(Image-backed grounding data)
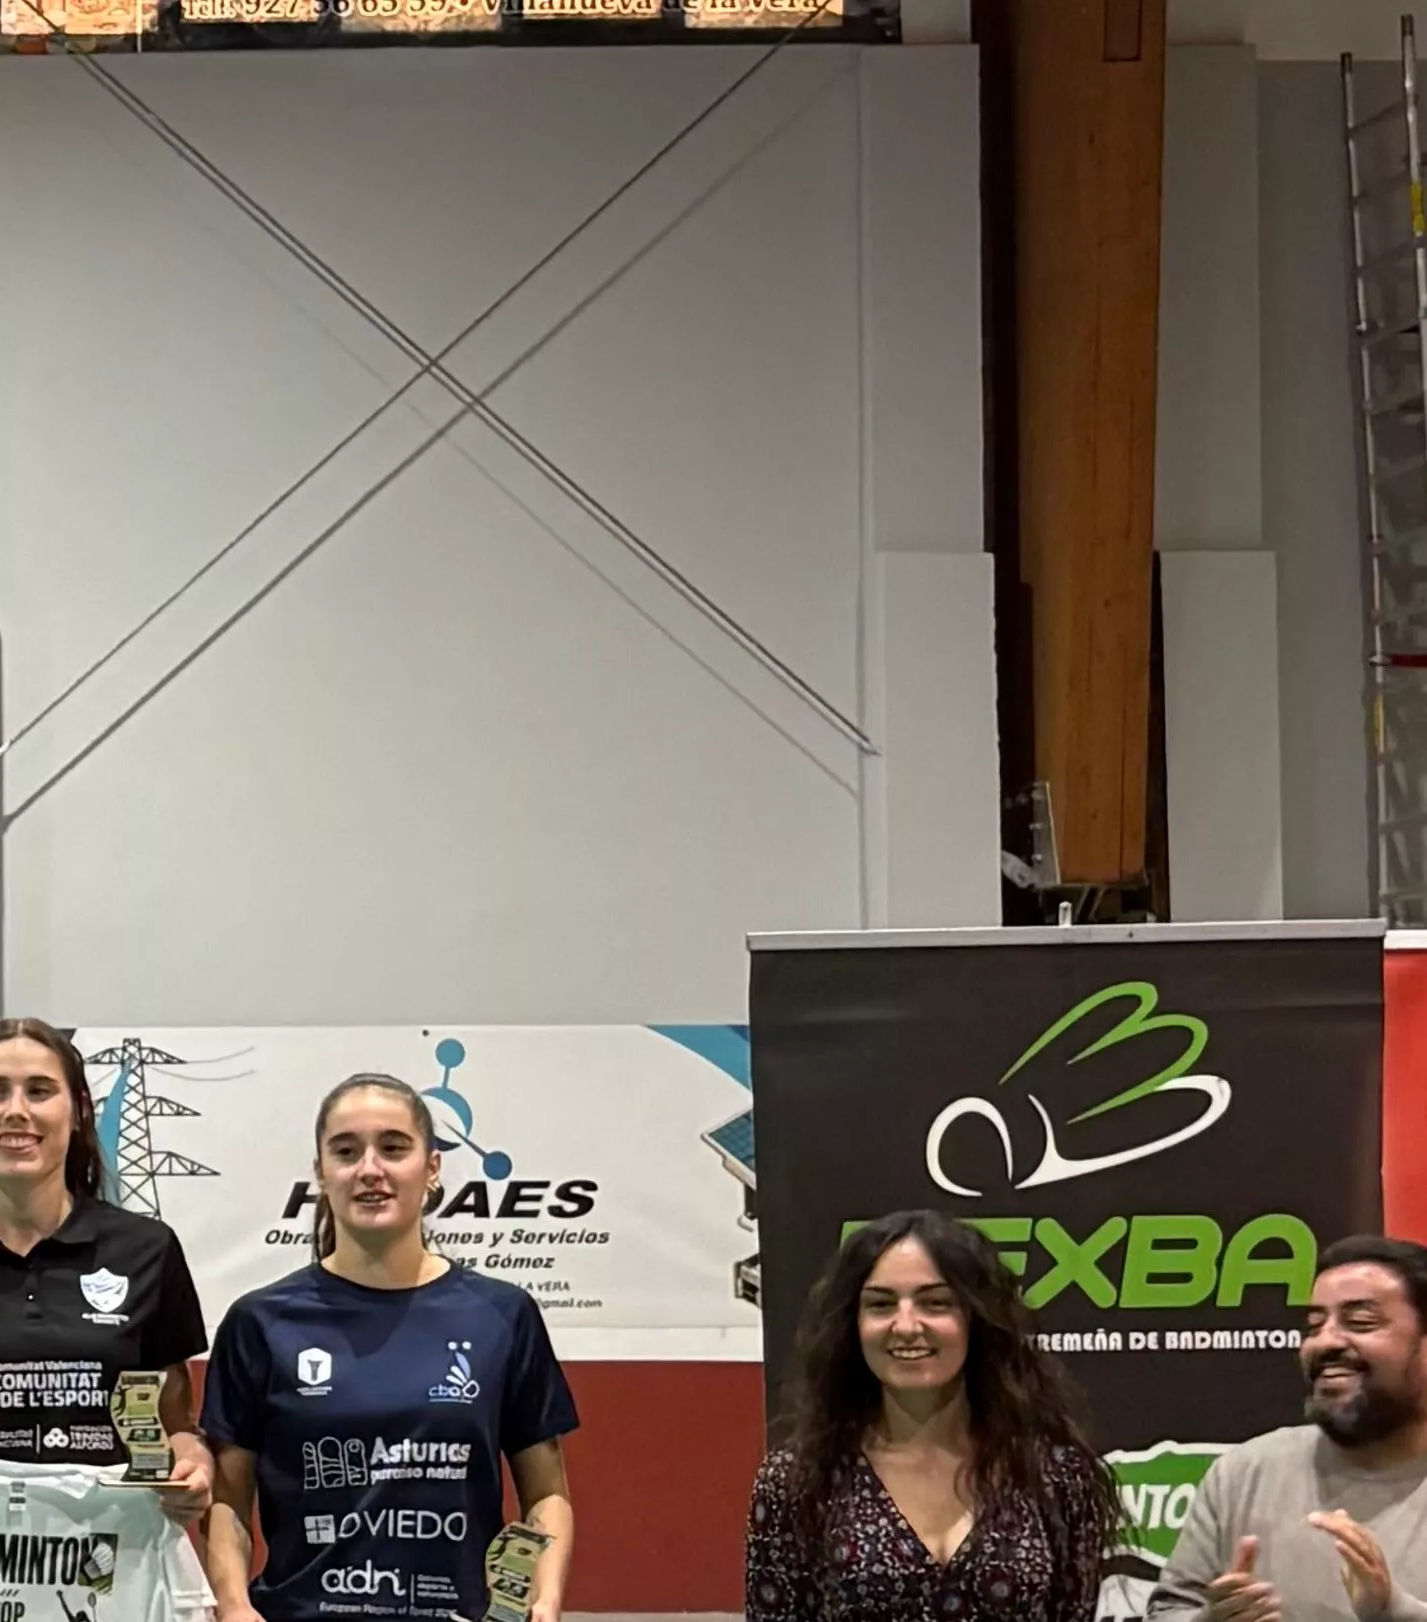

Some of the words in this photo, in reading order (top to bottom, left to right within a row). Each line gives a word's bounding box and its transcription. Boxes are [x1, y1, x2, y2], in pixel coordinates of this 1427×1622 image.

[491, 1230, 505, 1248] y
[510, 1229, 610, 1246] Servicios
[484, 1253, 555, 1270] Gómez
[1128, 1331, 1159, 1350] DE
[0, 1391, 25, 1408] DE
[339, 1509, 467, 1541] OVIEDO
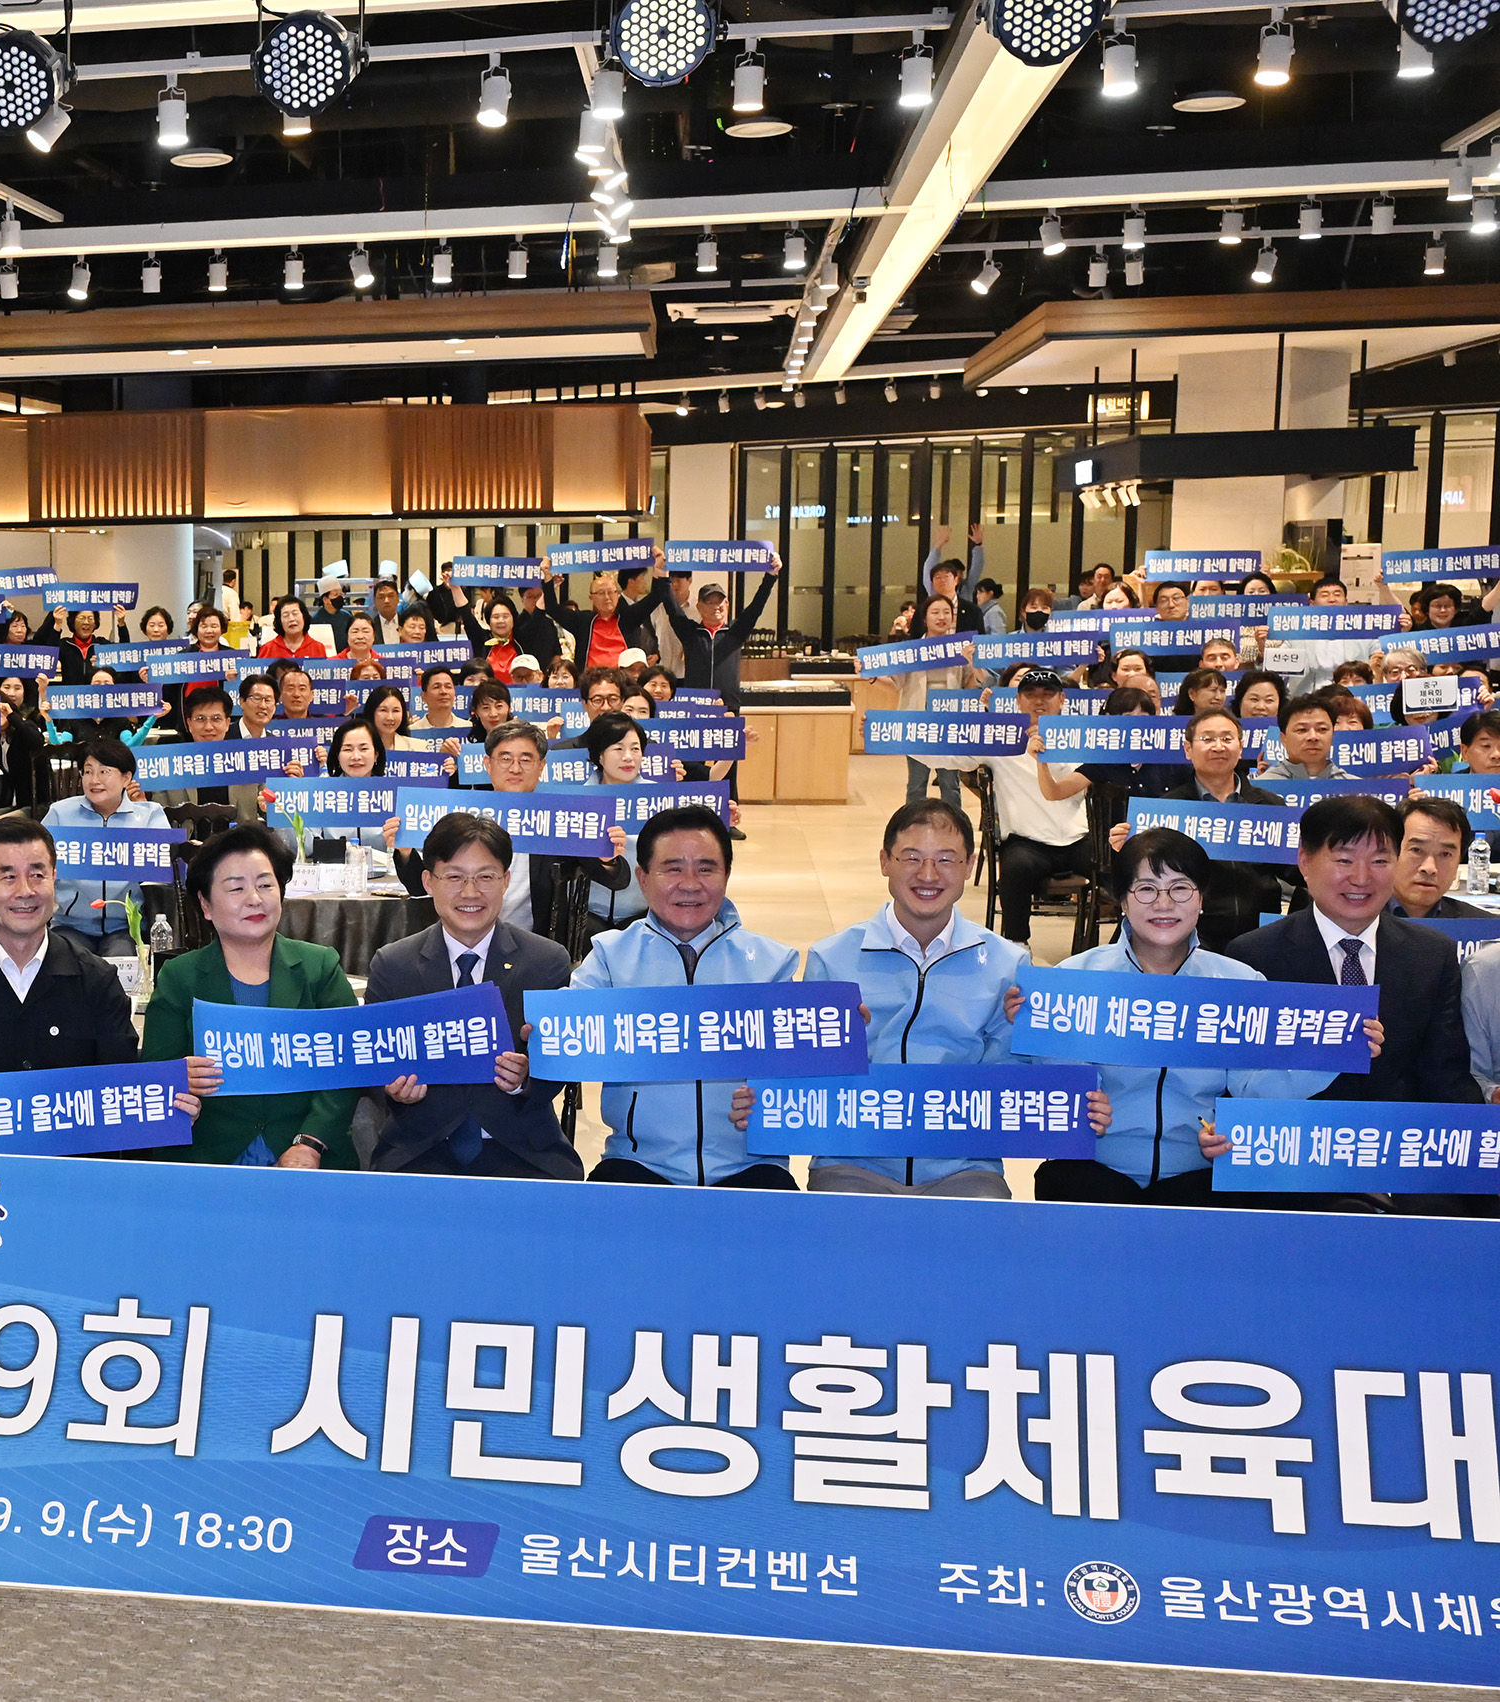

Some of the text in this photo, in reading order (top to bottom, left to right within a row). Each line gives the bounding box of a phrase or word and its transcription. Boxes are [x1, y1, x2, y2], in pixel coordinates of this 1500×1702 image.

[668, 548, 773, 563] 일상에 체육을! 울산에 활력을!
[1149, 558, 1256, 573] 일상에 체육을! 울산에 활력을!
[1273, 614, 1396, 631] 일상에 체육을! 울산에 활력을!
[4, 653, 26, 668] 울산에
[28, 654, 57, 670] 활력을!
[978, 640, 1093, 659] 일상에 체육을! 울산에 활력을!
[1273, 652, 1299, 663] 선수단
[1420, 689, 1443, 698] 체육회
[1422, 681, 1438, 689] 중구
[51, 692, 158, 710] 일상에 체육을! 울산에 활력을!
[870, 722, 1022, 744] 일상에 체육을! 울산에 활력을!
[137, 749, 286, 778] 일상에 체육을! 울산에 활력을!
[1338, 739, 1424, 765] 울산에 활력을!
[312, 792, 392, 812] 체육을! 울산에
[555, 812, 606, 838] 활력을!
[539, 1008, 850, 1055] 일상에 체육을! 울산에 활력을!
[1030, 993, 1362, 1044] 일상에 체육을! 울산에 활력을!
[204, 1018, 497, 1069] 일상에 체육을! 울산에 활력을!
[32, 1091, 94, 1131] 울산에
[102, 1085, 179, 1124] 활력을!
[762, 1089, 1080, 1131] 일상에 체육을! 울산에 활력을!
[1230, 1124, 1470, 1169] 일상에 체육을! 울산에
[271, 1314, 1500, 1544] 시민생활체육대
[40, 1499, 153, 1548] 9.(수)
[174, 1511, 293, 1553] 18:30
[385, 1524, 468, 1567] 장소
[520, 1534, 858, 1596] 울산시티컨벤션
[938, 1562, 1045, 1608] 주최:
[1160, 1576, 1500, 1636] 울산광역시체
[1068, 1592, 1136, 1620] ULSAN SPORTS COUNCIL
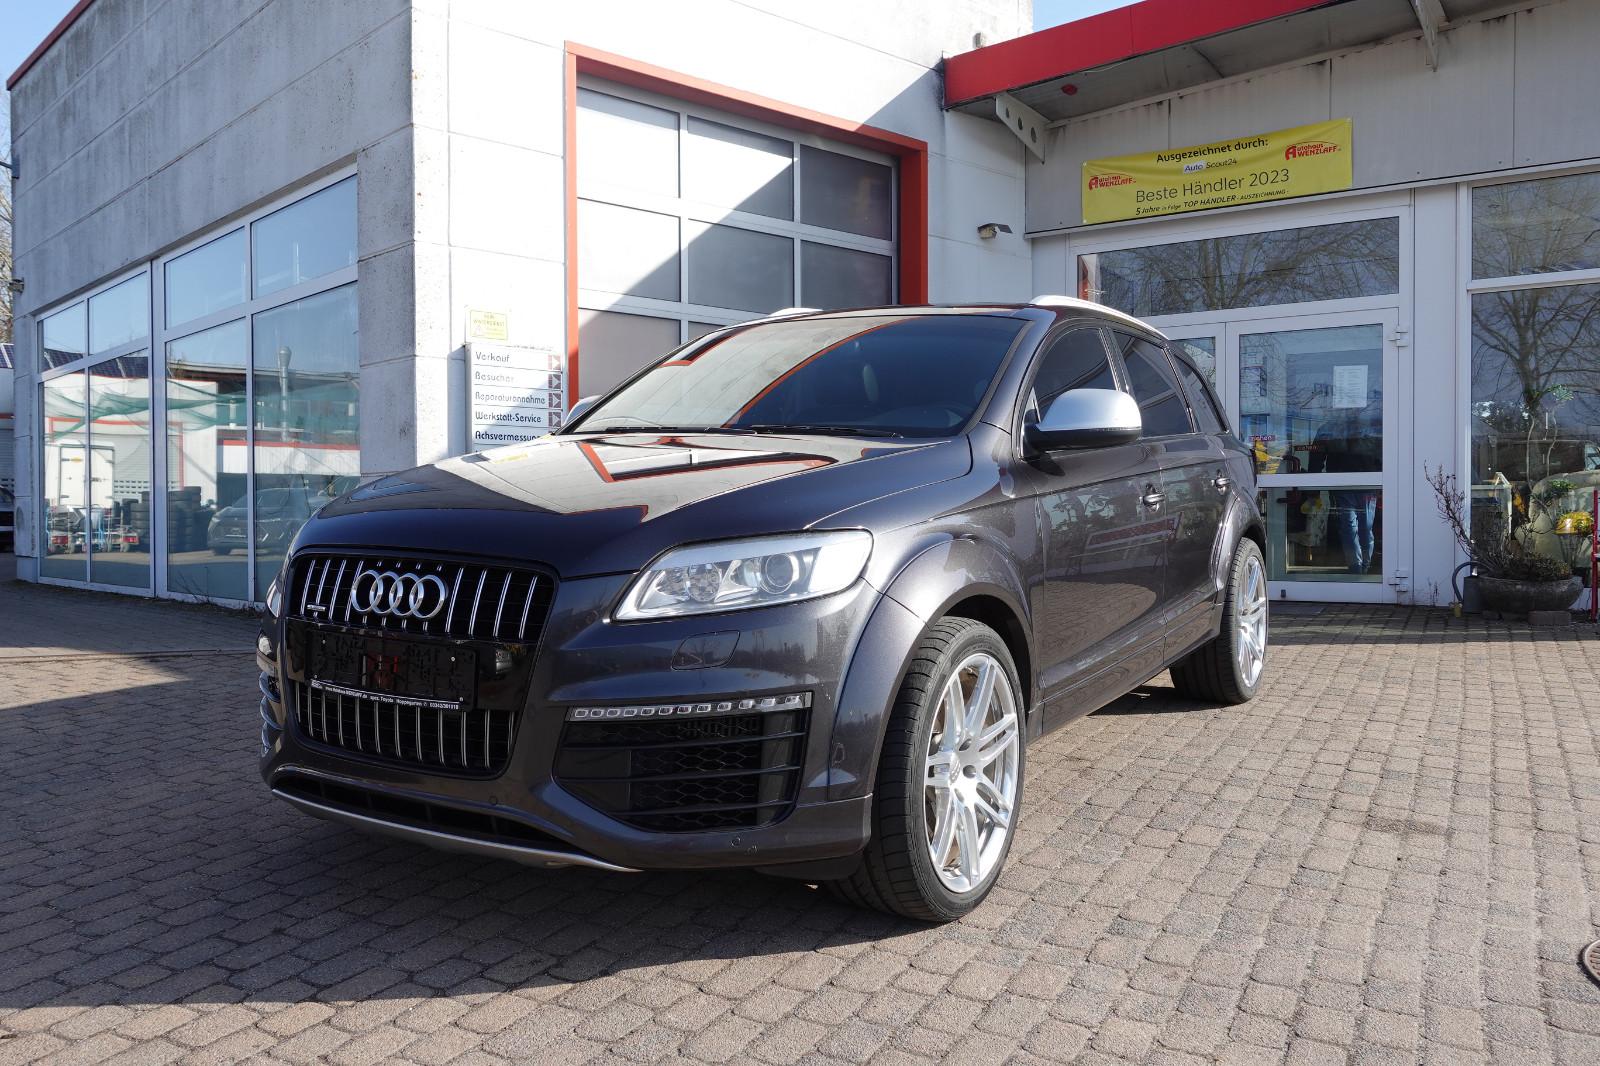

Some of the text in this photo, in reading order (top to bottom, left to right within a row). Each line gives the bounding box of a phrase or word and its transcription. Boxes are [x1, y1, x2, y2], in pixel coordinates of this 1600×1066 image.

[1156, 138, 1269, 163] Ausgezeichnet durch:
[1136, 168, 1290, 203] Beste Händler 2023
[1135, 207, 1141, 216] 5
[475, 351, 510, 362] Verkauf
[475, 371, 514, 383] Besucher
[475, 391, 546, 405] Reparaturannahme
[475, 411, 542, 423] Werkstatt-Service
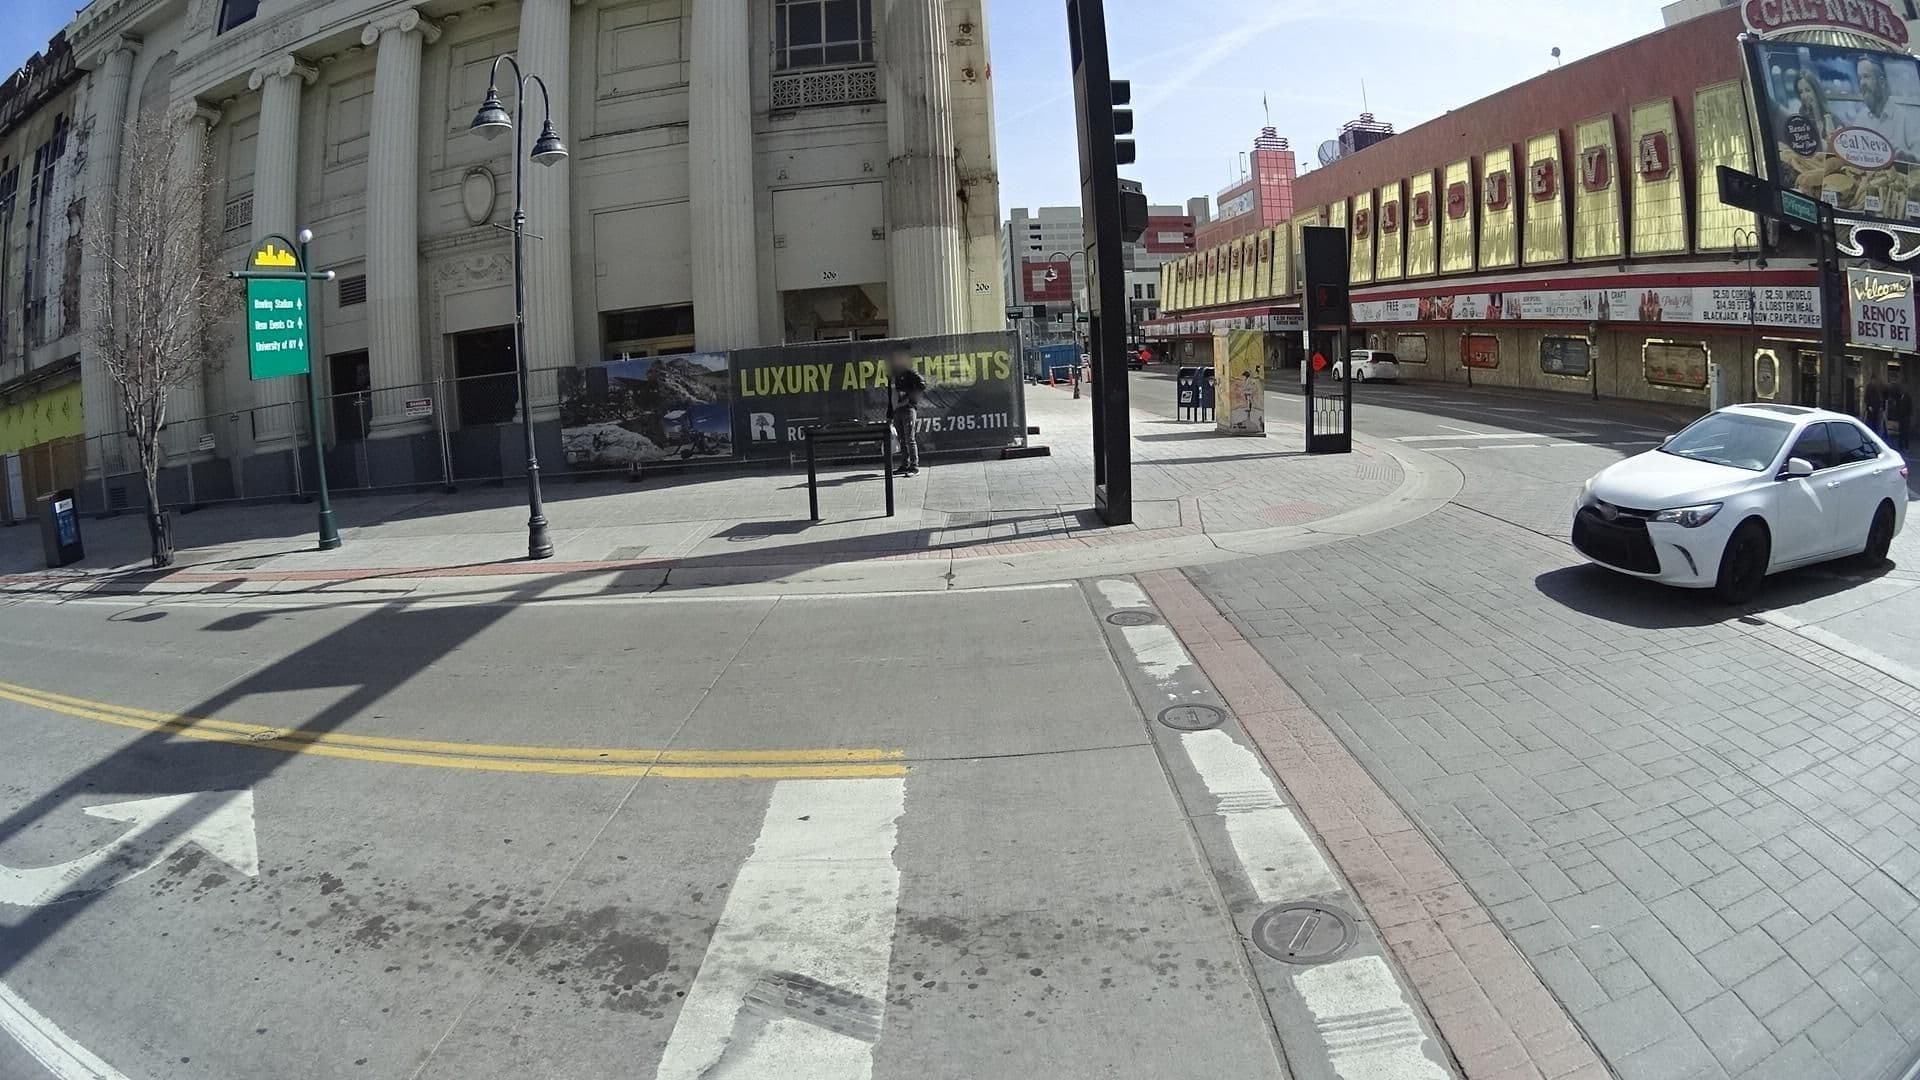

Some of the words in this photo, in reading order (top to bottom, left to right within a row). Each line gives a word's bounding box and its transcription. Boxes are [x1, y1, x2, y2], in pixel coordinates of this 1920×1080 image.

GOAL OF THE EXERCISE: Give back the records above exactly, with no pictures.

WRITTEN REPLY:
Some of the words in this photo, in reading order (top to bottom, left to right within a row). Each line gives a word's bounding box and its transcription. Boxes are [x1, y1, x2, y2], in pixel coordinates of this 1427×1622 image.

[491, 1230, 505, 1248] y
[510, 1229, 610, 1246] Servicios
[484, 1253, 555, 1270] Gómez
[1128, 1331, 1159, 1350] DE
[0, 1391, 25, 1408] DE
[339, 1509, 467, 1541] OVIEDO

Some of the text in this photo, in reading order (top to bottom, left to right within a row). Each line gives the bounding box of a phrase or word and its transcription. Boxes are [x1, y1, x2, y2], in pixel coordinates of this 1500×1702 image.

[668, 548, 773, 563] 일상에 체육을! 울산에 활력을!
[1149, 558, 1256, 573] 일상에 체육을! 울산에 활력을!
[1273, 614, 1396, 631] 일상에 체육을! 울산에 활력을!
[4, 653, 26, 668] 울산에
[28, 654, 57, 670] 활력을!
[978, 640, 1093, 659] 일상에 체육을! 울산에 활력을!
[1273, 652, 1299, 663] 선수단
[1420, 689, 1443, 698] 체육회
[1422, 681, 1438, 689] 중구
[51, 692, 158, 710] 일상에 체육을! 울산에 활력을!
[870, 722, 1022, 744] 일상에 체육을! 울산에 활력을!
[137, 749, 286, 778] 일상에 체육을! 울산에 활력을!
[1338, 739, 1424, 765] 울산에 활력을!
[312, 792, 392, 812] 체육을! 울산에
[555, 812, 606, 838] 활력을!
[539, 1008, 850, 1055] 일상에 체육을! 울산에 활력을!
[1030, 993, 1362, 1044] 일상에 체육을! 울산에 활력을!
[204, 1018, 497, 1069] 일상에 체육을! 울산에 활력을!
[32, 1091, 94, 1131] 울산에
[102, 1085, 179, 1124] 활력을!
[762, 1089, 1080, 1131] 일상에 체육을! 울산에 활력을!
[1230, 1124, 1470, 1169] 일상에 체육을! 울산에
[271, 1314, 1500, 1544] 시민생활체육대
[40, 1499, 153, 1548] 9.(수)
[174, 1511, 293, 1553] 18:30
[385, 1524, 468, 1567] 장소
[520, 1534, 858, 1596] 울산시티컨벤션
[938, 1562, 1045, 1608] 주최:
[1160, 1576, 1500, 1636] 울산광역시체
[1068, 1592, 1136, 1620] ULSAN SPORTS COUNCIL

Some of the text in this photo, in reading order (top to bottom, left to right within a row). Each line gives the bounding box of a phrase or word and its transcription. Boxes are [x1, y1, x2, y2], in pixel coordinates of this 1600×1066 image.

[1156, 138, 1269, 163] Ausgezeichnet durch:
[1136, 168, 1290, 203] Beste Händler 2023
[1135, 207, 1141, 216] 5
[475, 351, 510, 362] Verkauf
[475, 371, 514, 383] Besucher
[475, 391, 546, 405] Reparaturannahme
[475, 411, 542, 423] Werkstatt-Service

Some of the words in this photo, in reading order (top to bottom, left to right within a row). Each line gives a word's bounding box and its transcription. Boxes are [x1, y1, x2, y2], in pixel coordinates of this 1920×1080 image.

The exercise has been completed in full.